Bill $400+ over your Good Faith Estimate? Check the dispute path.

Self-pay and uninsured patients may qualify for the CMS dispute process when a final bill is at least $400 above the Good Faith Estimate. Start by checking the documents and deadline.

What the GFE is

A binding-ish estimate.

If you're self-pay or uninsured (no insurance OR you're choosing not to use insurance), providers and facilities generally must give you a written Good Faith Estimate before scheduled care.

If your final bill is at least $400 more than the GFE, you may qualify for the CMS Patient-Provider Dispute Resolution (PPDR) process. A neutral Selected Dispute Resolution (SDR) entity reviews the case and determines the appropriate payment.
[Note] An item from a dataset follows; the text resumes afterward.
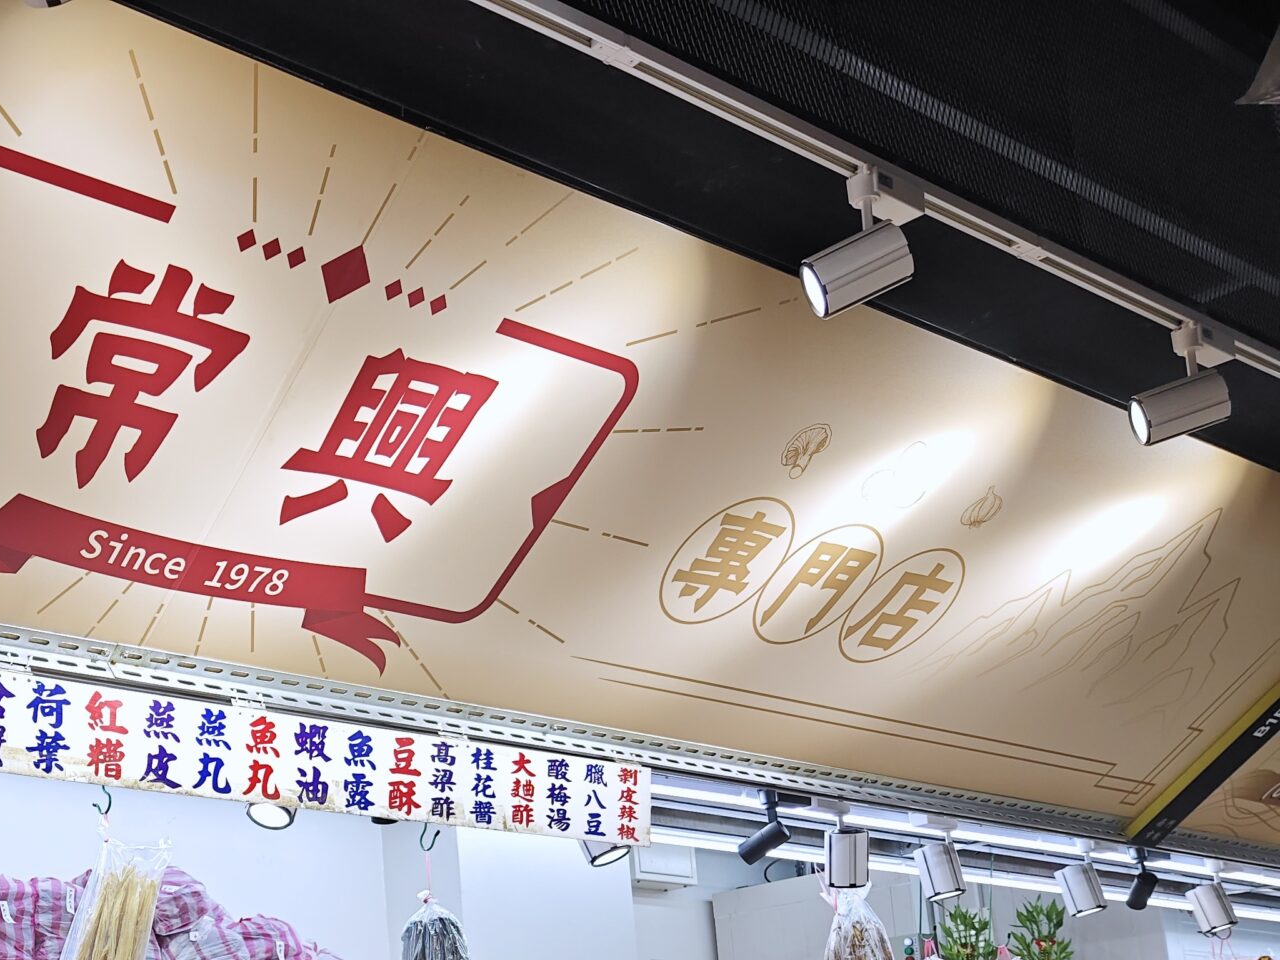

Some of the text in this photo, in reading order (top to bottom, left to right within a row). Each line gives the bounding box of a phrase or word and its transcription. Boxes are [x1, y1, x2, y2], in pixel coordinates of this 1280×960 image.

CMS says the dispute needs an initial bill dated within the last 120 calendar days, a copy of the GFE, a copy of the bill, and a $25 administrative fee.

Filing the dispute

Six steps. Keep the documents together.

01

Confirm you got a GFE

You need a written Good Faith Estimate from the provider or facility for the care in question.

02

Confirm the math

CMS uses an at least $400 difference between one provider or facility's final bill and that provider or facility's GFE.

03

Check the bill date

CMS says the initial bill must be dated within the last 120 calendar days.

04

Prepare the fee

CMS lists a $25 administrative fee to start the dispute process.

05

SDR reviews

An independent dispute resolver looks at the GFE, final bill, and provider explanation.

06

Keep billing records

If billing or collections activity continues during the dispute, save the notices and contact the No Surprises Help Desk.

CMS PPDR portal →

FAQ

Common questions.

Do I have to be uninsured to use this?

Self-pay (chose not to use insurance) counts too. You don't have to be uninsured. The key is that you didn't run the bill through insurance.

What if my insurer denied the claim and now I'm on the hook?

That's a different process. The CMS GFE dispute path is for bills where you didn't have or didn't use insurance to pay for the care. A denied insurance claim usually starts with the plan's appeal process.

What happens to the $25 fee?

CMS lists a $25 administrative fee. If the dispute is decided in your favor, CMS says the $25 is deducted from the amount you owe the provider.

What evidence helps?

The original GFE document, the final bill, any communication from the provider explaining the increase, and the medical record showing what services were actually performed.